Ils nous rappellent un oncle dont on avait un peu honte mais qu’on aimait bien ? Notre frère à 12 ans qui essayait d’aller au-delà de « F » à l’époque où il ambitionnait d’énoncer l’alphabet en rotant ? Va savoir Dr Freud.

Le résultat de tout cela est que tu te retrouves à boire un verre par pur charité chrétienne avec des gens avec lesquels tu n’as absolument rien en commun. Le point positif est que tout va tellement vite maintenant, qu’il ne faut pas t’attendre à une drague acharnée. Dès le premier verre infructueux, tu vas être catapultée dans la zone «frigide qui m’a quand même coûté 6.– ».
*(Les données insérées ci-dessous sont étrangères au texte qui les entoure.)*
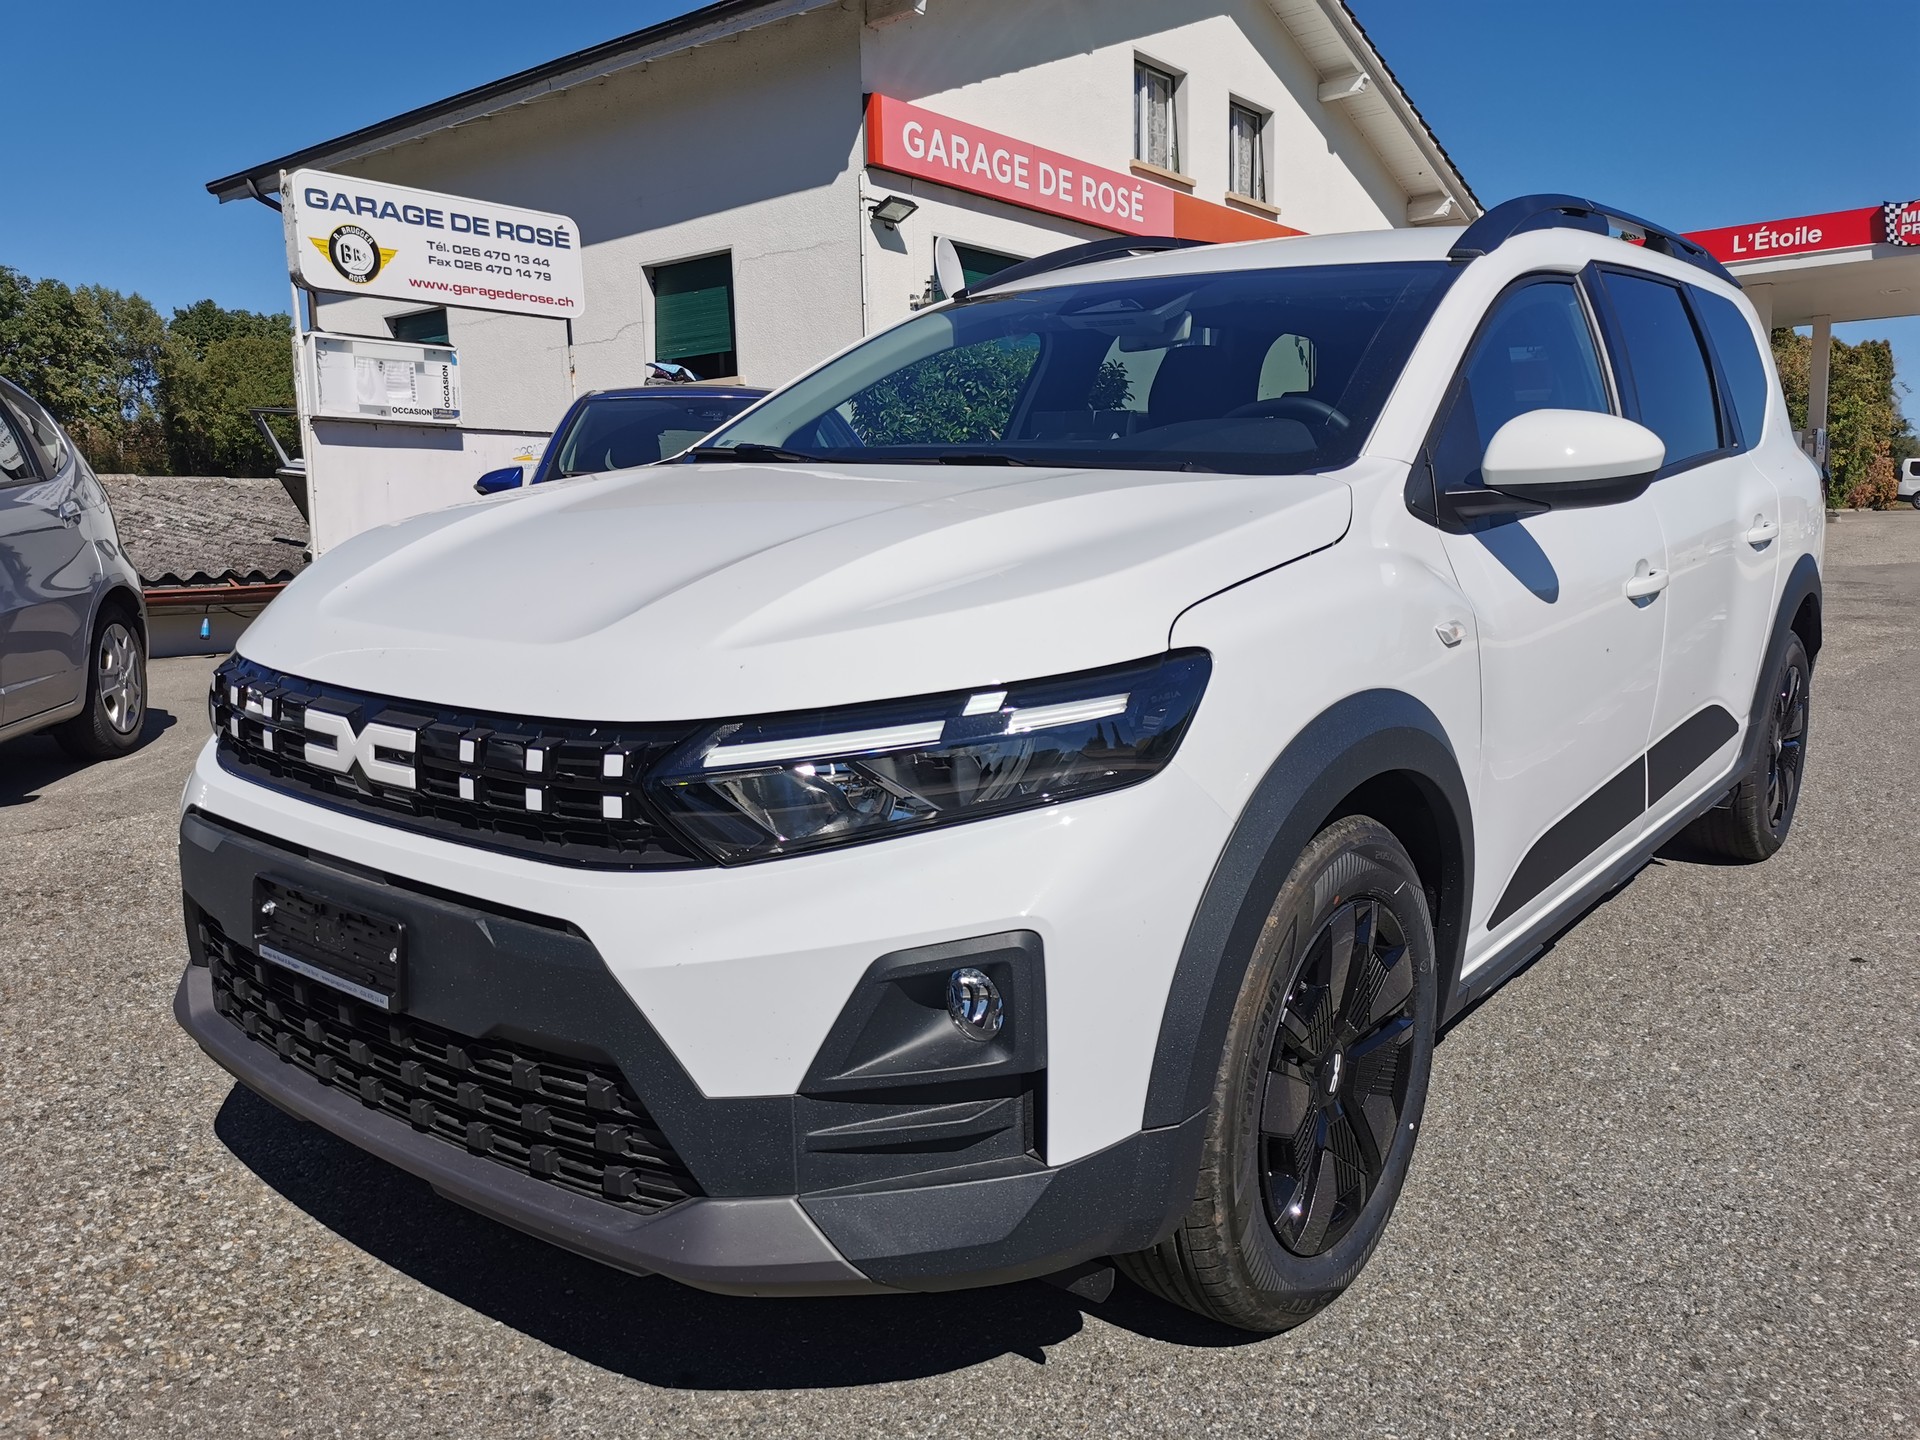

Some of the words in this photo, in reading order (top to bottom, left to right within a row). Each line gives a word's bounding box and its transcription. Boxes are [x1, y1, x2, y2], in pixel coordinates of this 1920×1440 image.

[902, 120, 1030, 191] GARAGE
[1039, 162, 1073, 202] DE
[1082, 175, 1144, 223] ROSÉ
[304, 187, 445, 230] GARAGE
[450, 212, 490, 237] DE
[496, 220, 571, 250] ROSÉ
[341, 226, 374, 245] BRUGGER
[1733, 226, 1823, 254] L'Étoile
[427, 240, 450, 254] Tél.
[452, 245, 481, 258] 026
[484, 249, 510, 262] 470
[514, 253, 530, 265] 13
[532, 256, 551, 268] 44
[428, 255, 452, 269] Fax
[454, 259, 483, 272] 026
[485, 264, 513, 277] 470
[409, 277, 575, 308] www.garagederose.ch
[442, 365, 450, 408] OCCASION
[392, 406, 432, 416] OCCASION
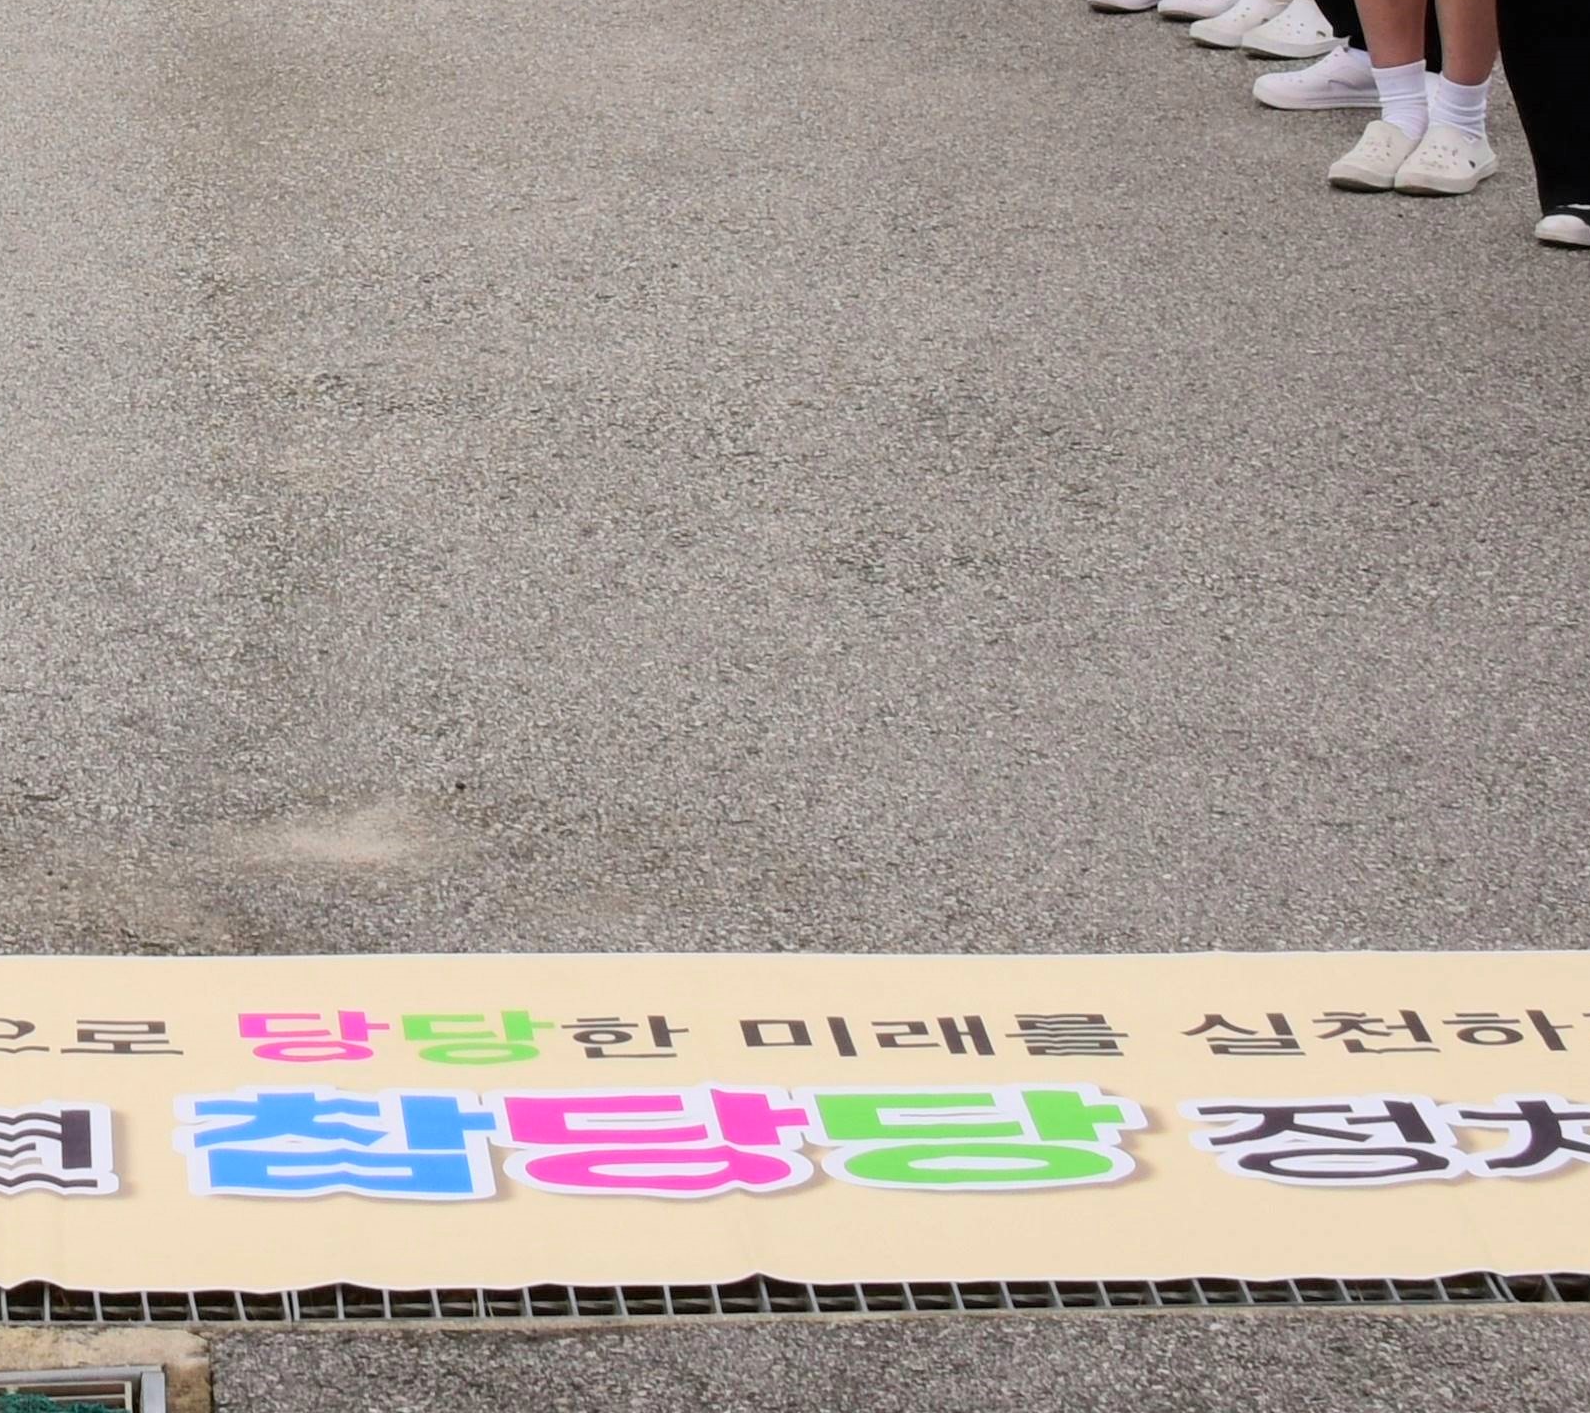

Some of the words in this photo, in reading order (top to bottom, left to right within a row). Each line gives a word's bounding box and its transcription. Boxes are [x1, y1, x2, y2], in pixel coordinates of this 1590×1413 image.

[237, 1009, 689, 1065] 당당한
[738, 1011, 1129, 1058] 미래를
[193, 1085, 1127, 1195] 참당당
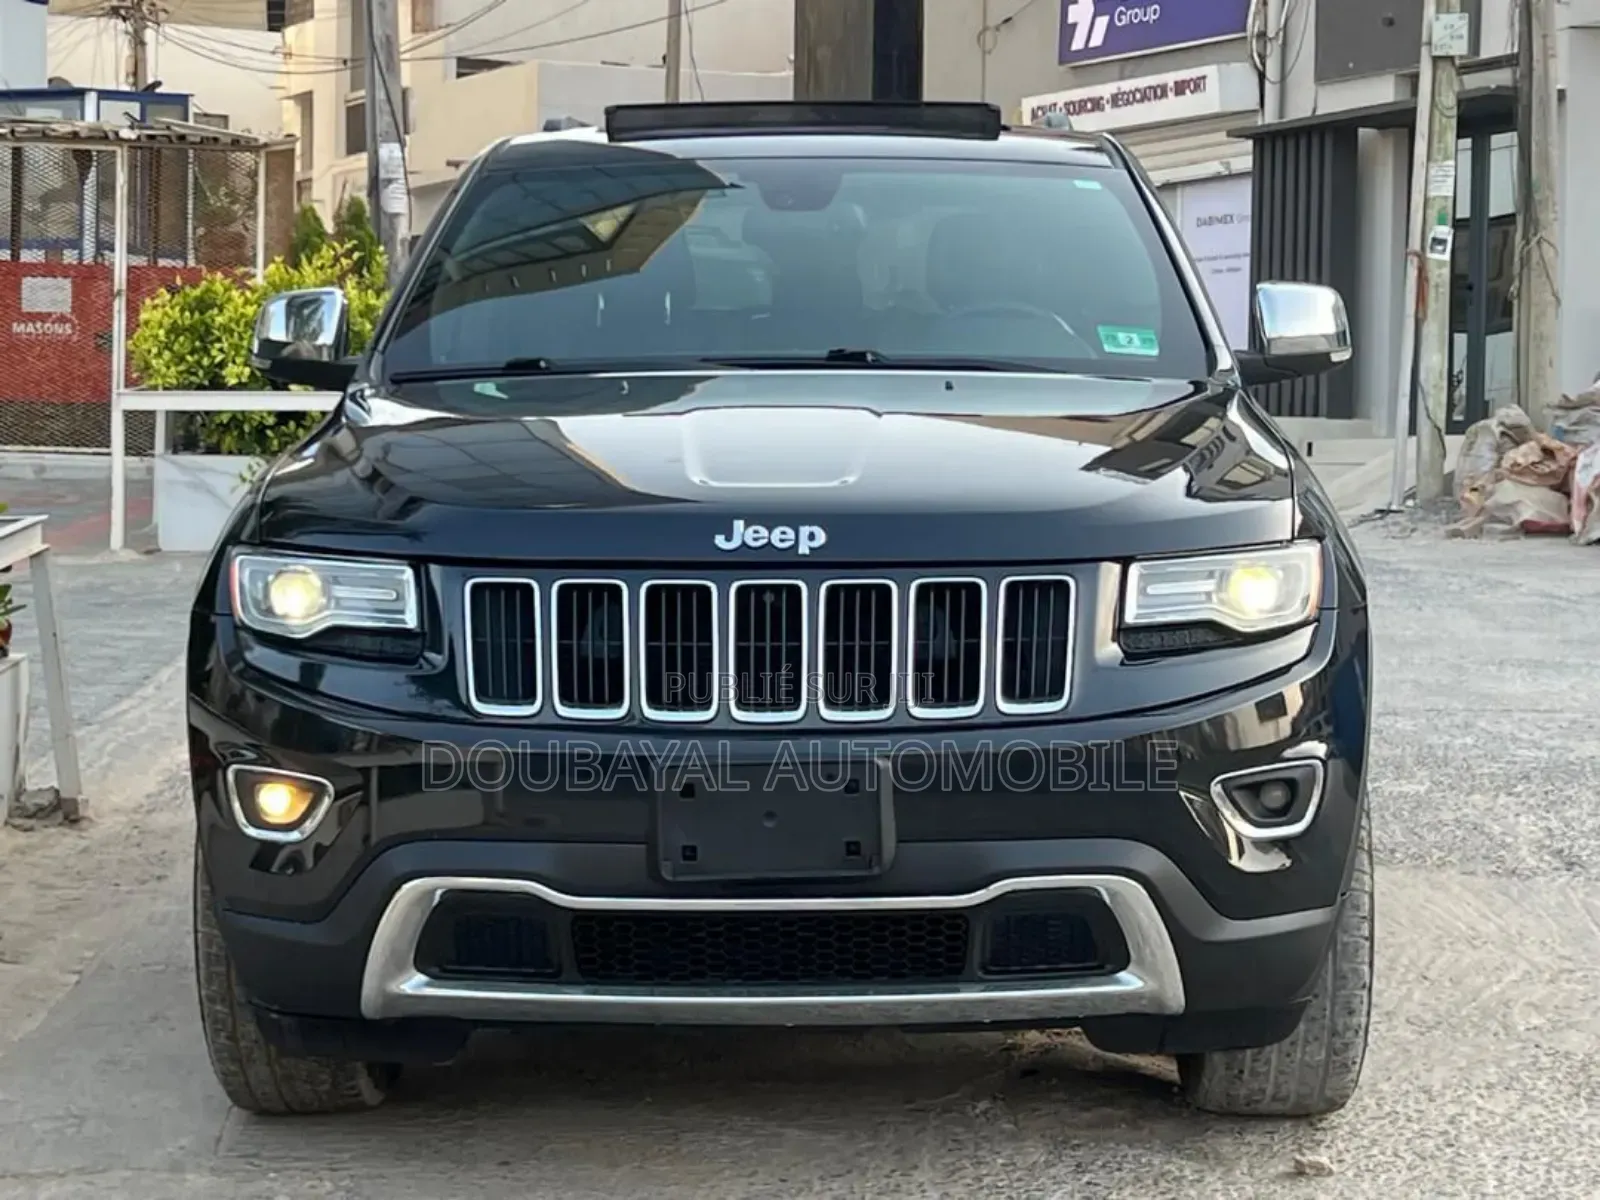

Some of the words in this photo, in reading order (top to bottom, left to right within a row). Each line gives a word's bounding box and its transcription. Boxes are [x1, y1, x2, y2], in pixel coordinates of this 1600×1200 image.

[1114, 4, 1161, 26] Group
[1063, 95, 1105, 116] SOURCING
[1174, 75, 1208, 98] IMPORT
[11, 321, 73, 335] MASONS
[714, 520, 827, 555] Jeep
La vie d’une fille est ainsi faite. Le pire c’est que l’on est censée être flattée par l’attention que l’on nous porte. Je ne compte plus le nombre de fois où l’on m’a fait cette réflexion. « Mais c’est flatteur ! » C’est vrai que d’attirer l’attention du premier débile venu te donne instantanément l’impression d’avoir la prestance de Monica Bellucci. Le soir, tu te remémores « on m’a dit « ça va ? t’es trop belle » avec l’œil vide, je me sens tellement flattée que j’en suis comblée, à quoi bon rechercher le sens de la vie quand on en arrive à un tel point de plénitude ?»

De toutes ces relations interpersonnelles tellement enrichissantes, s’ensuivent à force un ras-le-bol, qui font que maintenant, quand on t’adresse la parole, tu t’accordes parfois le luxe du rejet sec et gratuit ayant épuisé depuis belle lurette ton quota d’écoute patiente et tes relances de discussions sur le temps qu’il fait et la nécessité de s’équiper en pneumatique hivernale. Et oui, ça peut tomber arbitrairement sur un péruvien adepte de culturisme qui en tirera certainement des conclusions désastreuses sur l’hospitalité de ton pays.